- Church: Church of England
- Diocese: Diocese of Exeter
- In office: 2025 to present
- Predecessor: Jackie Searle
- Previous post: Archdeacon of Reigate (2016 to 2025)

Orders
- Ordination: 1995 (deacon) 1996 (priest)
- Consecration: 3 July 2025 by Sarah Mullally

Personal details
- Born: Moira Anne Elizabeth Williams 18 February 1965 (age 61)
- Denomination: Anglicanism
- Alma mater: Clare College, Cambridge Wycliffe Hall, Oxford

= Moira Astin =

British Anglican priest

Moira Anne Elizabeth Astin ( Williams; born 18 February 1965) is a British Anglican bishop. She has been Bishop of Crediton in the Church of England's Diocese of Exeter since 2025.

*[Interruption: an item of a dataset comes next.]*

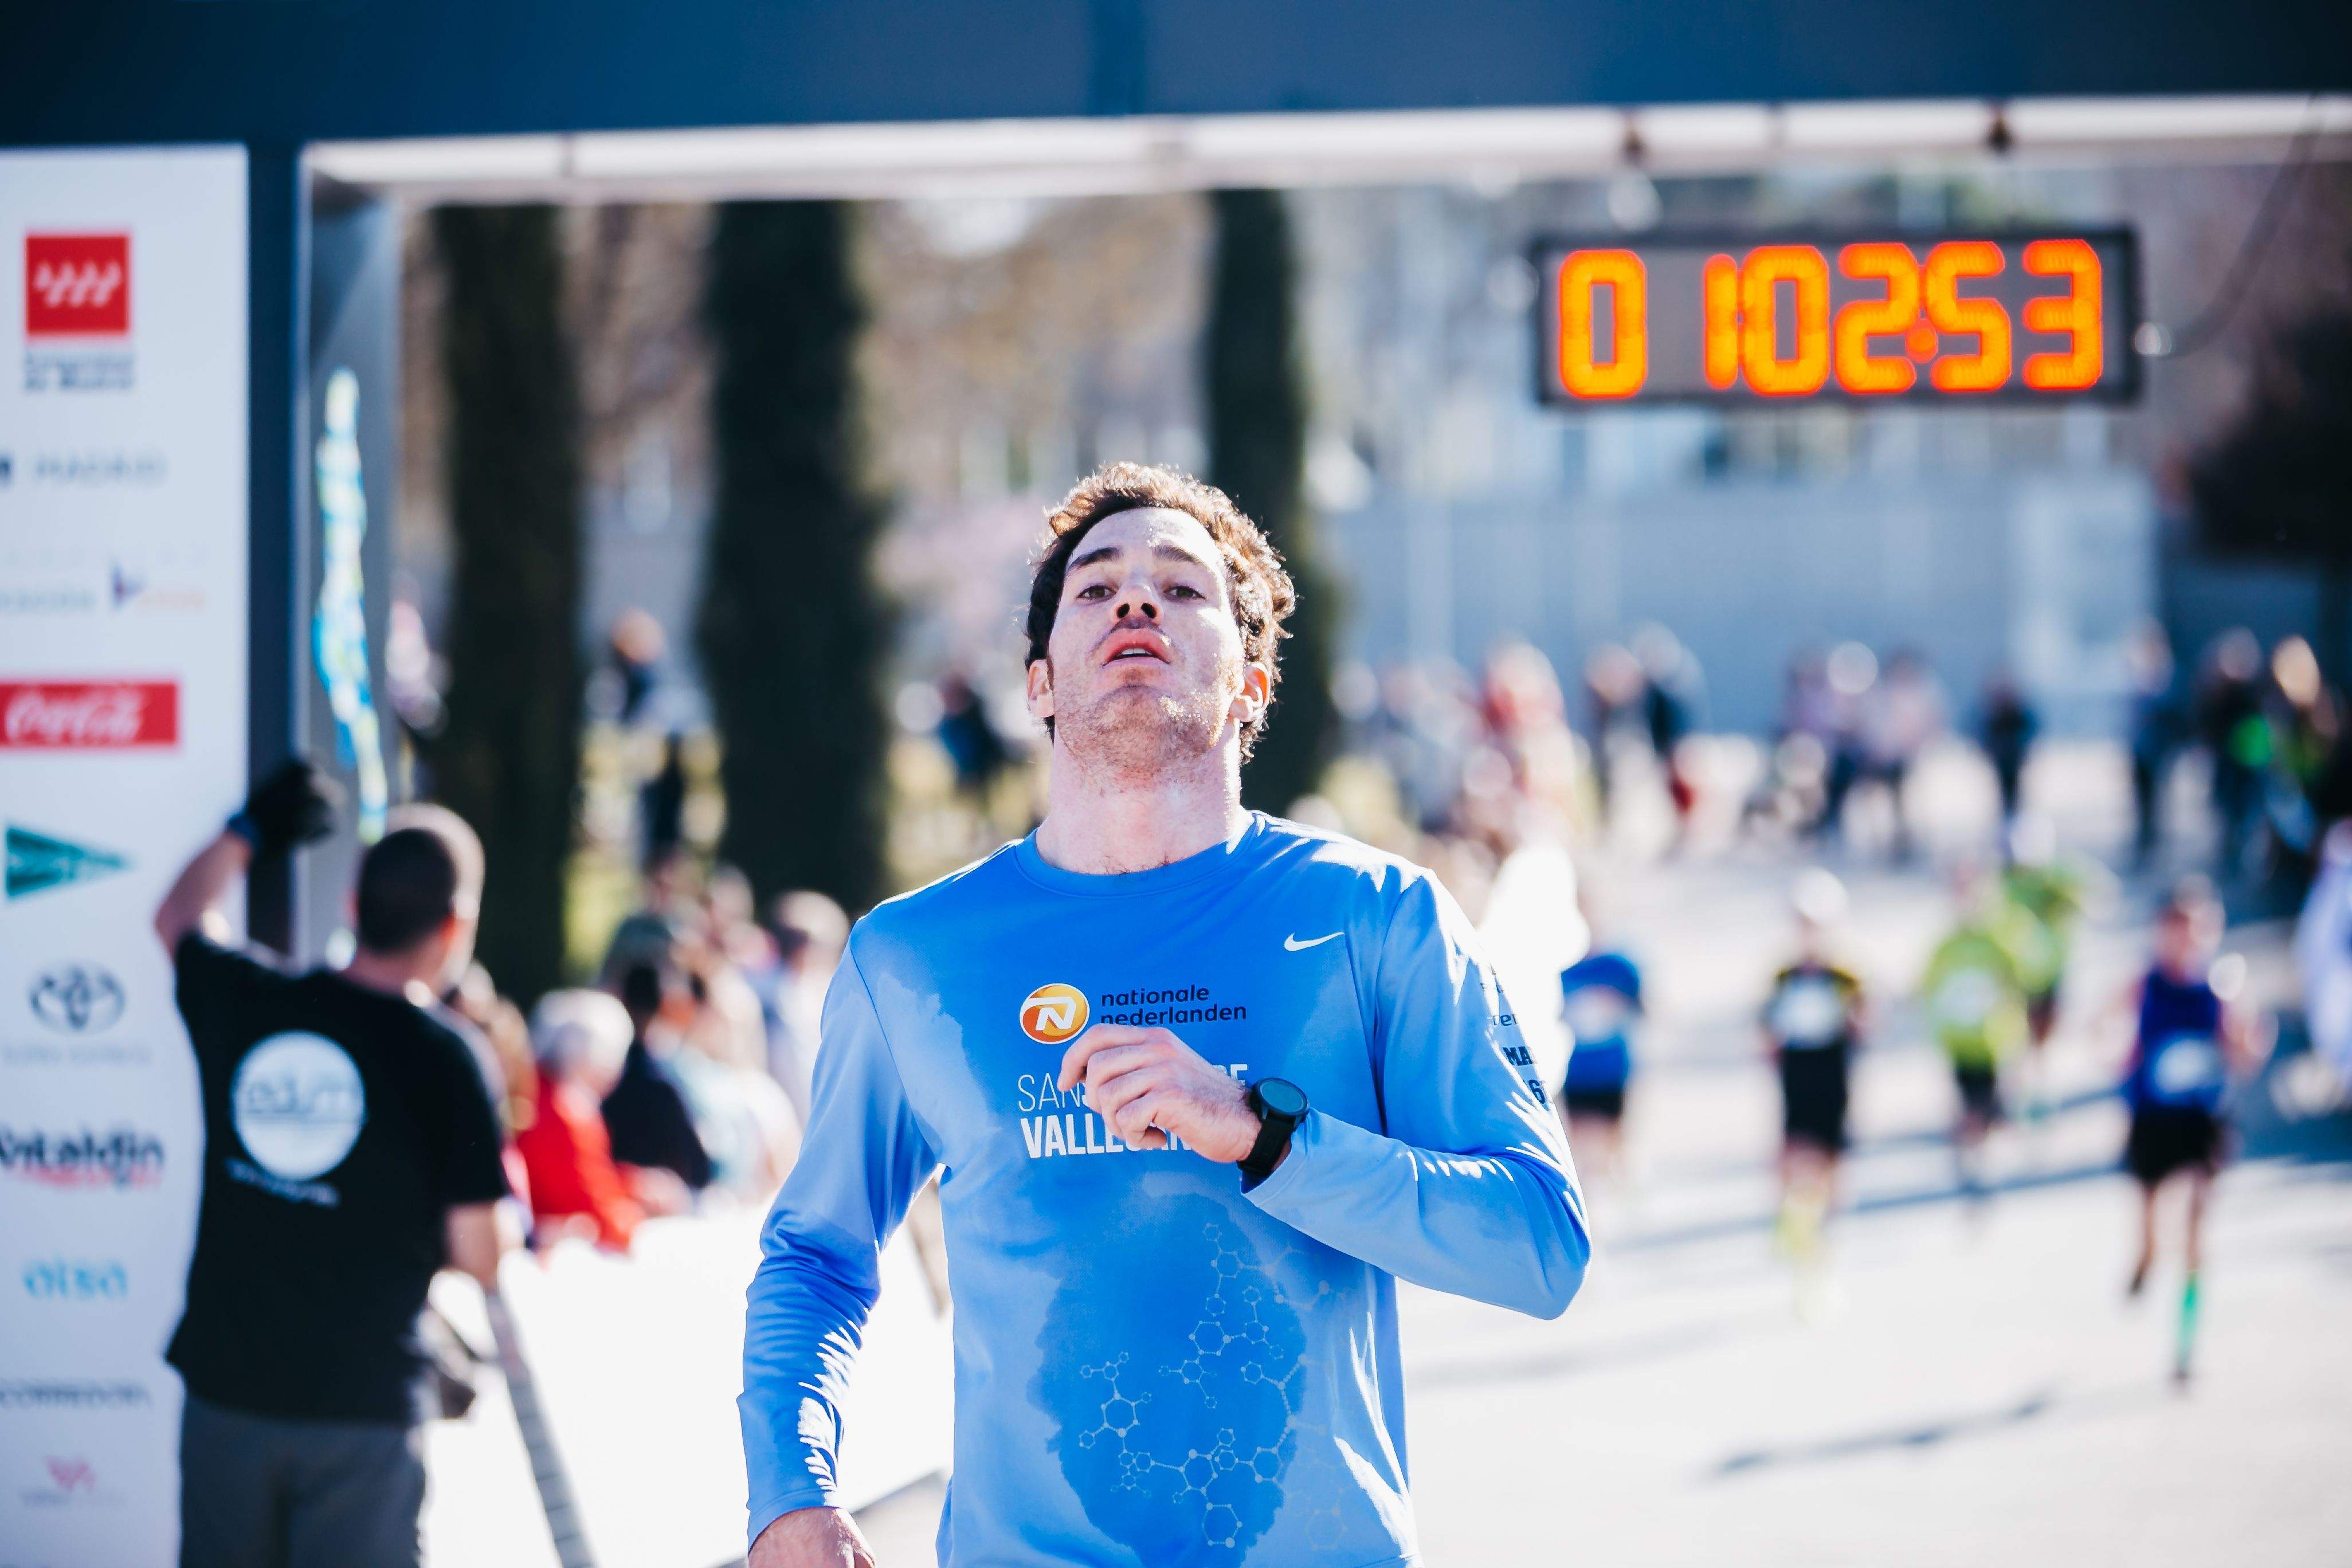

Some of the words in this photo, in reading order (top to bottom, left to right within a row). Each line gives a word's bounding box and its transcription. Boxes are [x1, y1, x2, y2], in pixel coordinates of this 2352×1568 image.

[1101, 984, 1210, 1008] nationale
[1100, 1004, 1247, 1026] nederlanden
[1020, 1113, 1192, 1159] VALLE

==Early life and education==
Astin was born on 18 February 1965, and grew up in Staines, Surrey. She was educated at City of London School for Girls and
Sir William Perkins's School, Chertsey, Surrey; both all-girls independent schools. She studied Natural Sciences (specialising in geology) at Clare College, Cambridge, and graduated with a Bachelor of Arts (BA) degree in 1986. She then worked in computing, before training for ordained ministry at Wycliffe Hall, Oxford. She went on to graduate with a BA degree from the University of Oxford in 1996.

==Ordained ministry==
Astin was ordained in the Church of England as a deacon in 1995 and as a priest in 1996. She was a curate at St Nicolas, Newbury from 1995 to 1999; Team Vicar of Thatcham from 1999 to 2005; Vicar, St James, Woodley from 2005 to 2011; and Vicar of Frodingham with New Brumby from 2011 until her appointment as archdeacon. She was the Archdeacon of Reigate in the Church of England since 30 October 2016 until 2025.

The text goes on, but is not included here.